§ **Assignment**: Please set down the data word for word; images do not go in the copy.

[Extracted data entries]
━━━━━━━━━━━━━━━━━━━━━━━━━━━━━━
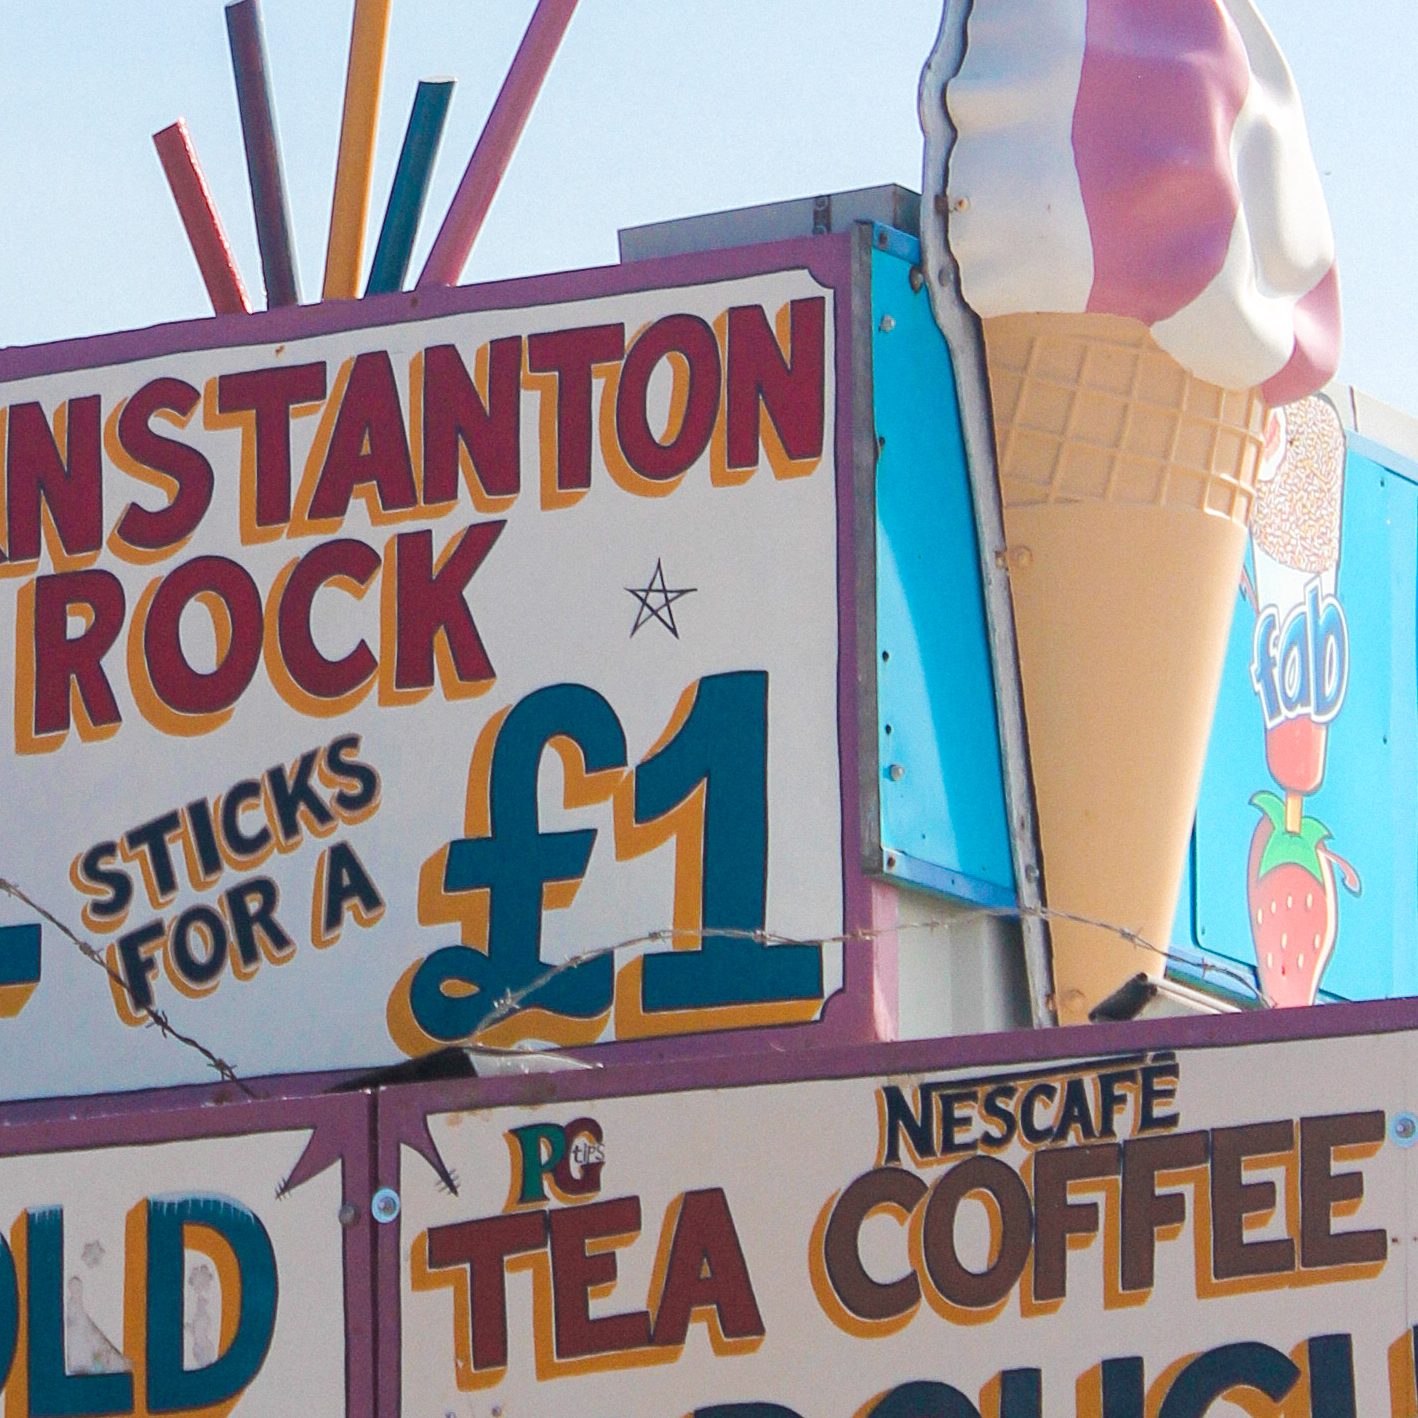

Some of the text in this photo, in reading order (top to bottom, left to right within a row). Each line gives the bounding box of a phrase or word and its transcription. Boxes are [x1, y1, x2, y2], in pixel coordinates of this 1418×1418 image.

[16, 519, 508, 754] ROCK
[1251, 576, 1349, 728] fab
[69, 733, 381, 937] STICKS
[109, 841, 384, 1030] FOR A
[388, 669, 824, 1059] £1
[502, 1117, 605, 1213] PG
[807, 1109, 1388, 1338] COFFEE
[410, 1186, 766, 1392] TEA
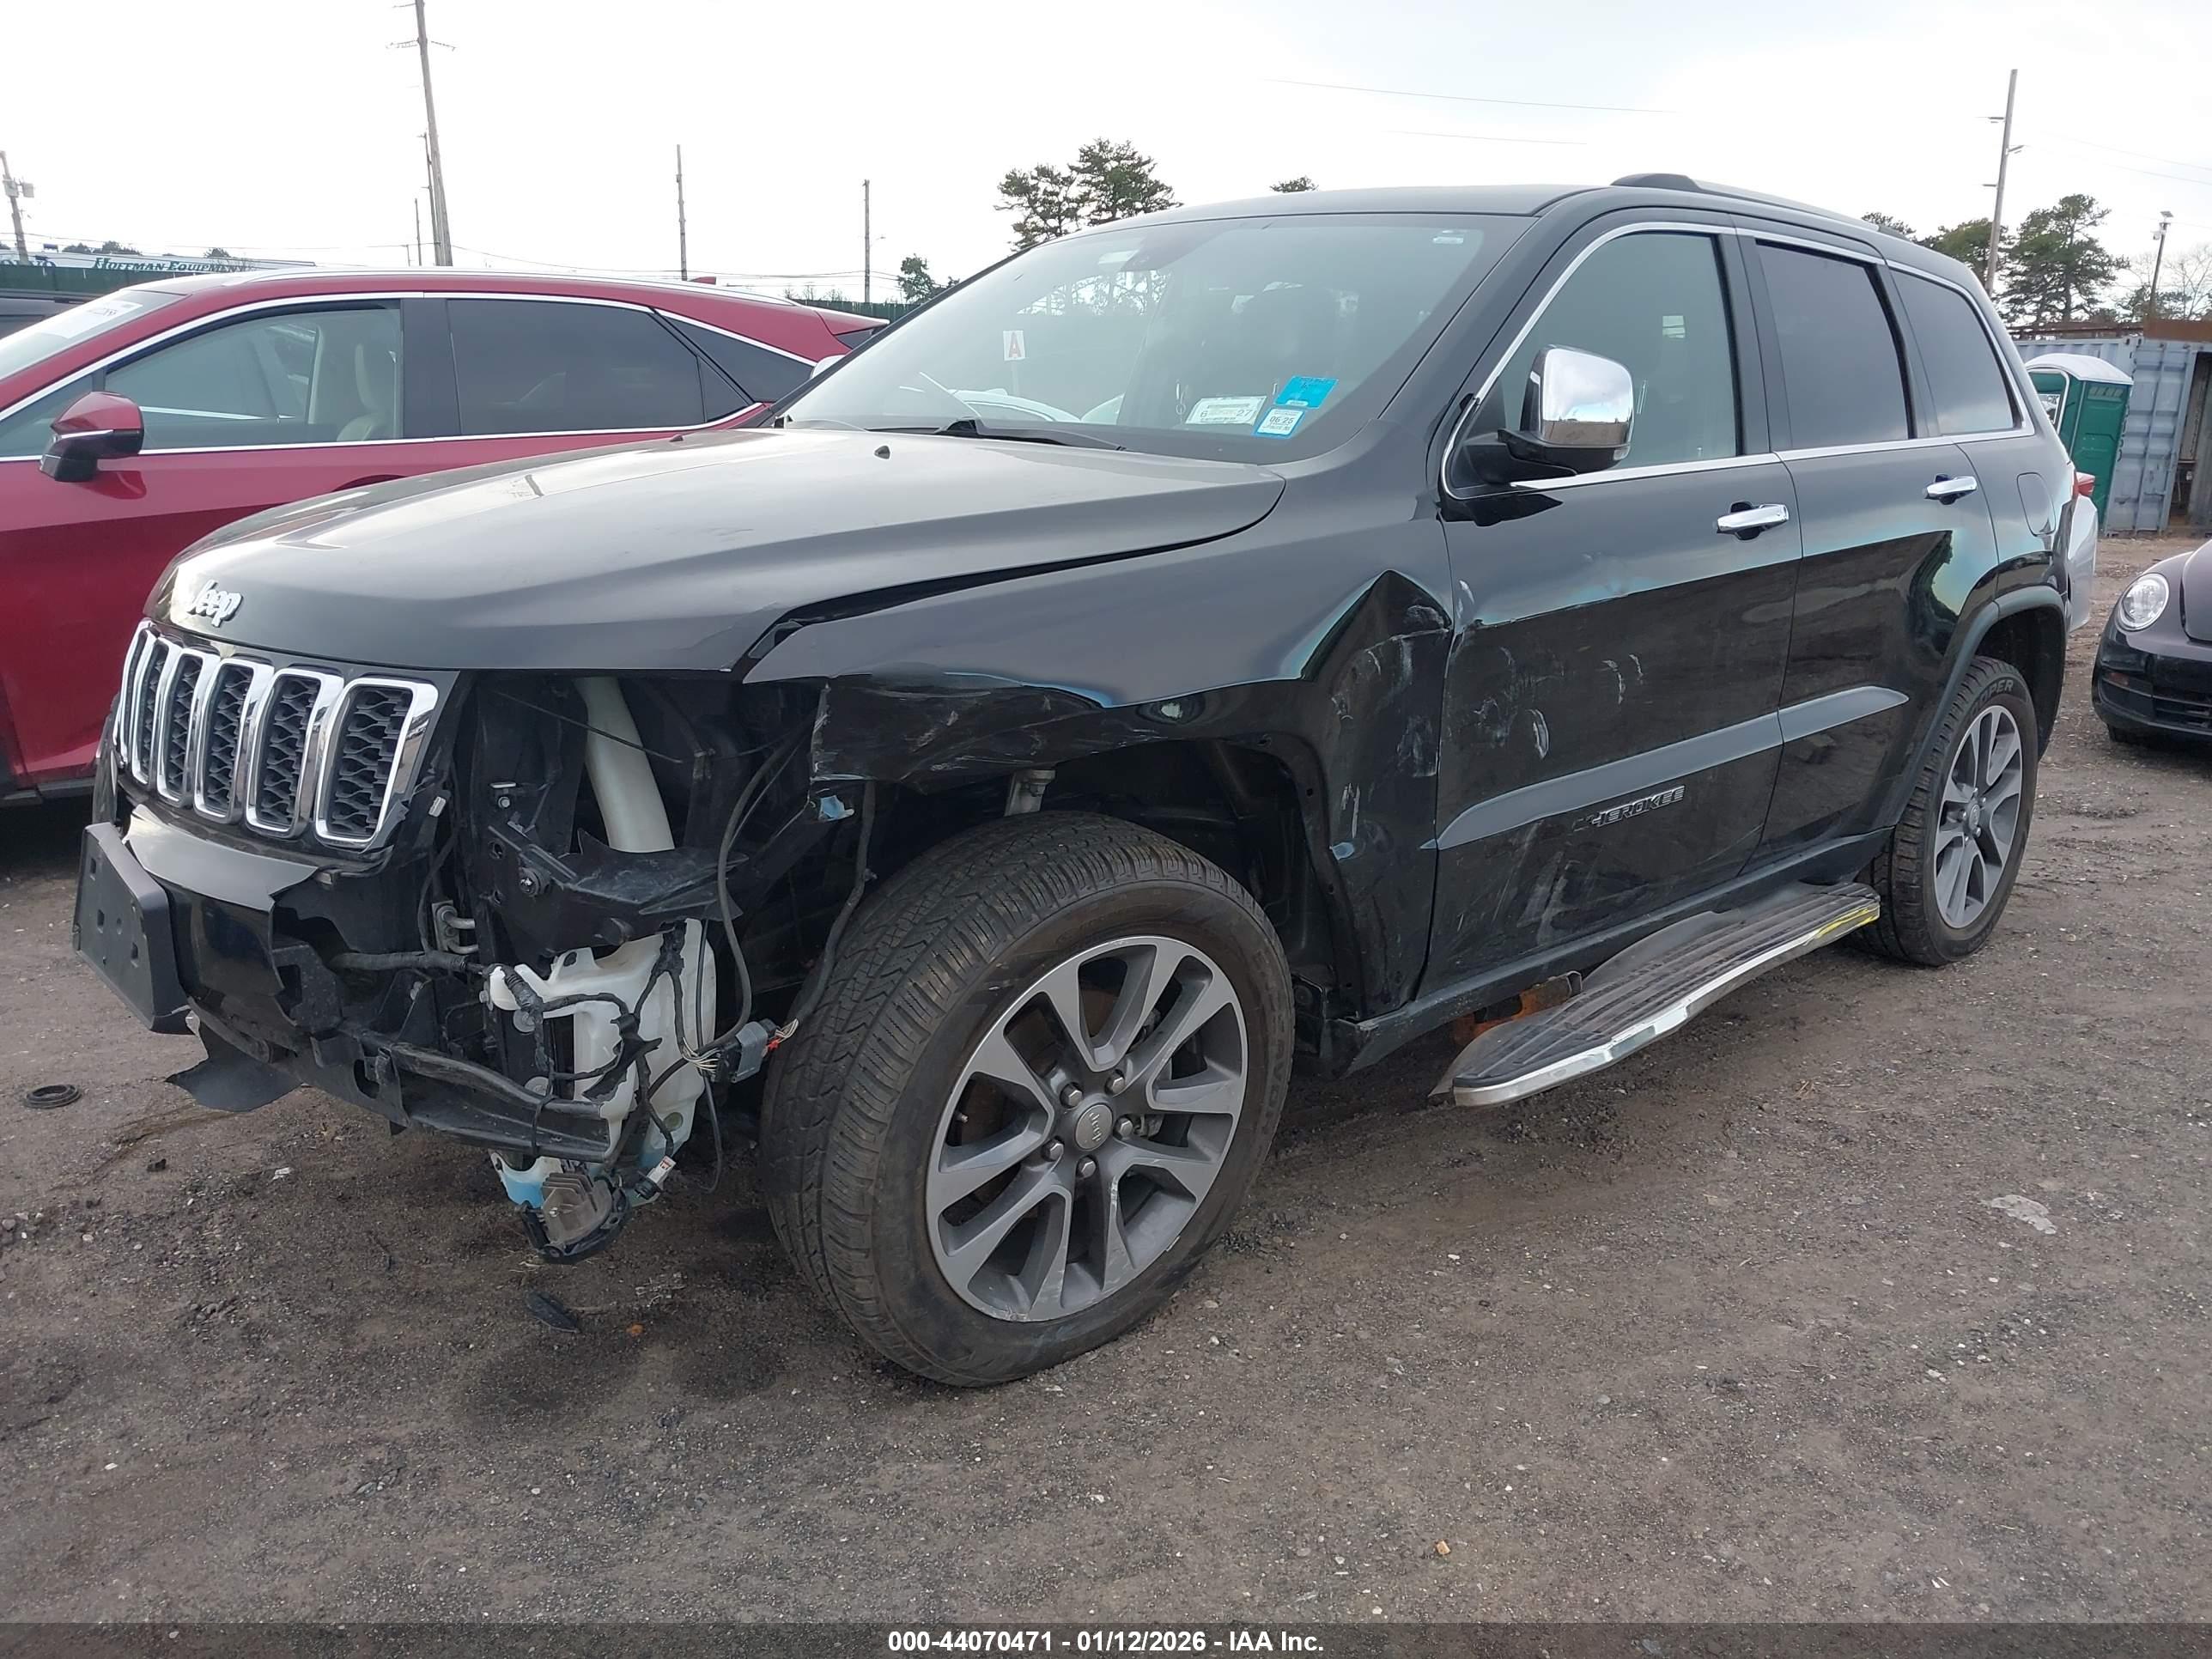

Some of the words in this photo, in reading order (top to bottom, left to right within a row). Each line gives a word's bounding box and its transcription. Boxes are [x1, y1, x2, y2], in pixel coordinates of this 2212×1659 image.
━━━━━━━━━━━━━━━━━━━━━━━━━━━━━━
§ **Task answer**:
Some of the text in this photo, in reading order (top to bottom, left to right within a row). Each line gives the bounding box of a phrase or word and its transcription. Boxes are [x1, y1, x2, y2], in pixel coordinates of this 1418×1418 image.

[16, 519, 508, 754] ROCK
[1251, 576, 1349, 728] fab
[69, 733, 381, 937] STICKS
[109, 841, 384, 1030] FOR A
[388, 669, 824, 1059] £1
[502, 1117, 605, 1213] PG
[807, 1109, 1388, 1338] COFFEE
[410, 1186, 766, 1392] TEA

Some of the words in this photo, in reading order (top to bottom, left to right within a row). Each line gives a word's bounding box and its transcription. Boxes are [x1, y1, x2, y2], in pixel coordinates of this 2212×1659 image.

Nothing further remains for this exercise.